И мы еще самонадеянно воображали, будто не поддались «мировоззренческому воспитанию» и не сделались нацистами!
38
А я? Я замечаю, что уже давно не имел возможности употребить в своем рассказе слово «я». Попеременно я использовал то «они», то «мы»; не возникало надобности в первом лице единственного числа. Это не случайно. В этом – соль того, что произошло с нами в лагере военной подготовки. Отдельная личность каждого из нас перестала играть какую бы то ни было роль; она оказалась выключенной, ей объявили мат; она, так сказать, не принималась в расчет на этой шахматной доске. Расстановка фигур с самого начала была такой, что не оставалось места для отдельного «я»; «личное», «свое», «индивидуальное» не имело значения, оно было отставлено в сторону, отложено в долгий ящик. И наоборот: в те часы, когда можно было вспомнить о своем «я» – например ночью, когда ты внезапно просыпался среди многоголосого сопения и храпа товарищей, – тебя внезапно охватывало ощущение нереальности всего, что тебя окружало, в чем ты механически принимал участие. Только эти часы оставались для того, чтобы отдать себе честный отчет в том, что с тобой здесь происходит, и занять последнюю оборонительную позицию вокруг своего собственного «я».

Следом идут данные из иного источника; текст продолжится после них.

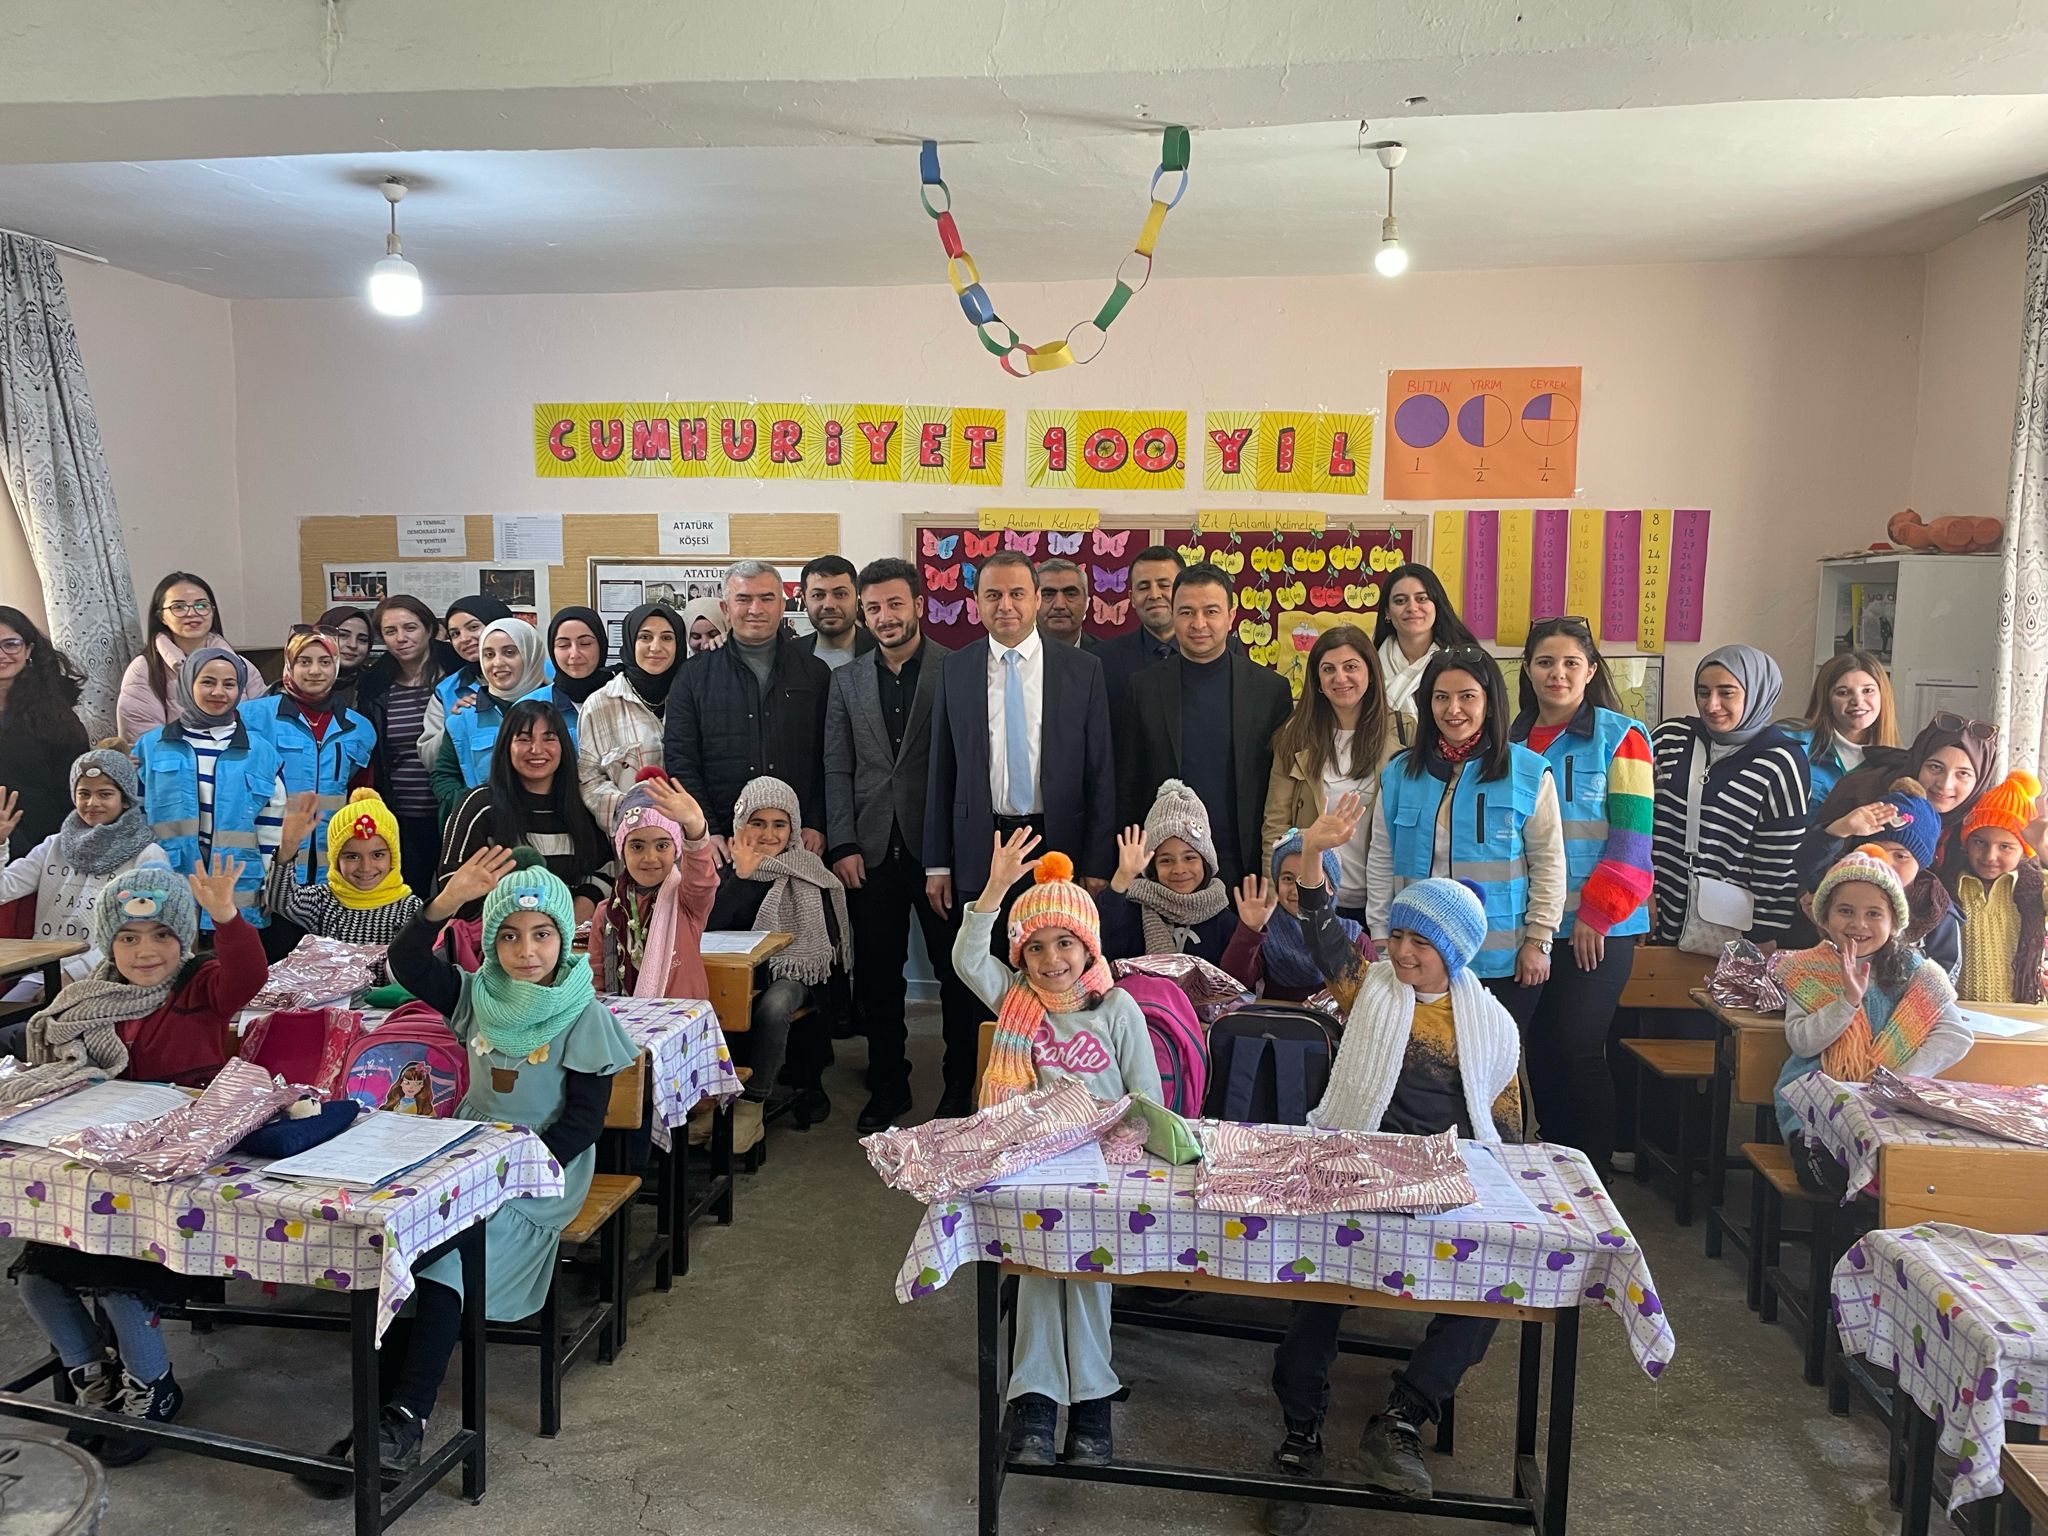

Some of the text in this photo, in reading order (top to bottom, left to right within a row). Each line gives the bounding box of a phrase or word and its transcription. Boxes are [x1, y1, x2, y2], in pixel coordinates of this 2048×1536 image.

[1208, 426, 1356, 477] YIL
[1476, 471, 1485, 482] 2
[1652, 513, 1660, 526] 8
[673, 520, 714, 530] ATATÜRK
[679, 534, 709, 547] KÖŞESİ
[1648, 534, 1659, 542] 16
[1648, 549, 1660, 560] 24
[684, 567, 725, 578] ATATÜR
[1646, 566, 1658, 574] 32
[1644, 603, 1656, 612] 56
[1644, 616, 1655, 624] 64
[1643, 640, 1654, 649] 80

Предположим, все это продлится четыре, шесть или восемь недель. Мне придется все выдержать, а потом – экзамен, а потом – Париж, и все забудется, как будто ничего и не было! Между тем это ведь полновесное приключение, определенный жизненный опыт. Кое-чего я себе не позволяю категорически: не говорить таких вещей, за которые после пришлось бы стыдиться. Стрелять по мишеням? Да! Но не по живым мишеням. Не связывать себя никакими обязательствами. Не продаваться… Что еще? Все прочее уже отдано и потеряно. Я ношу форму с нарукавной повязкой, а на повязке – свастику. Я вытягиваюсь по стойке «смирно». Я умело чищу винтовку. Но это же не считается! Меня не спрашивают, хочу я это делать или нет. Тот, кто все это делает, не я. Это игра. Я играю роль, не более.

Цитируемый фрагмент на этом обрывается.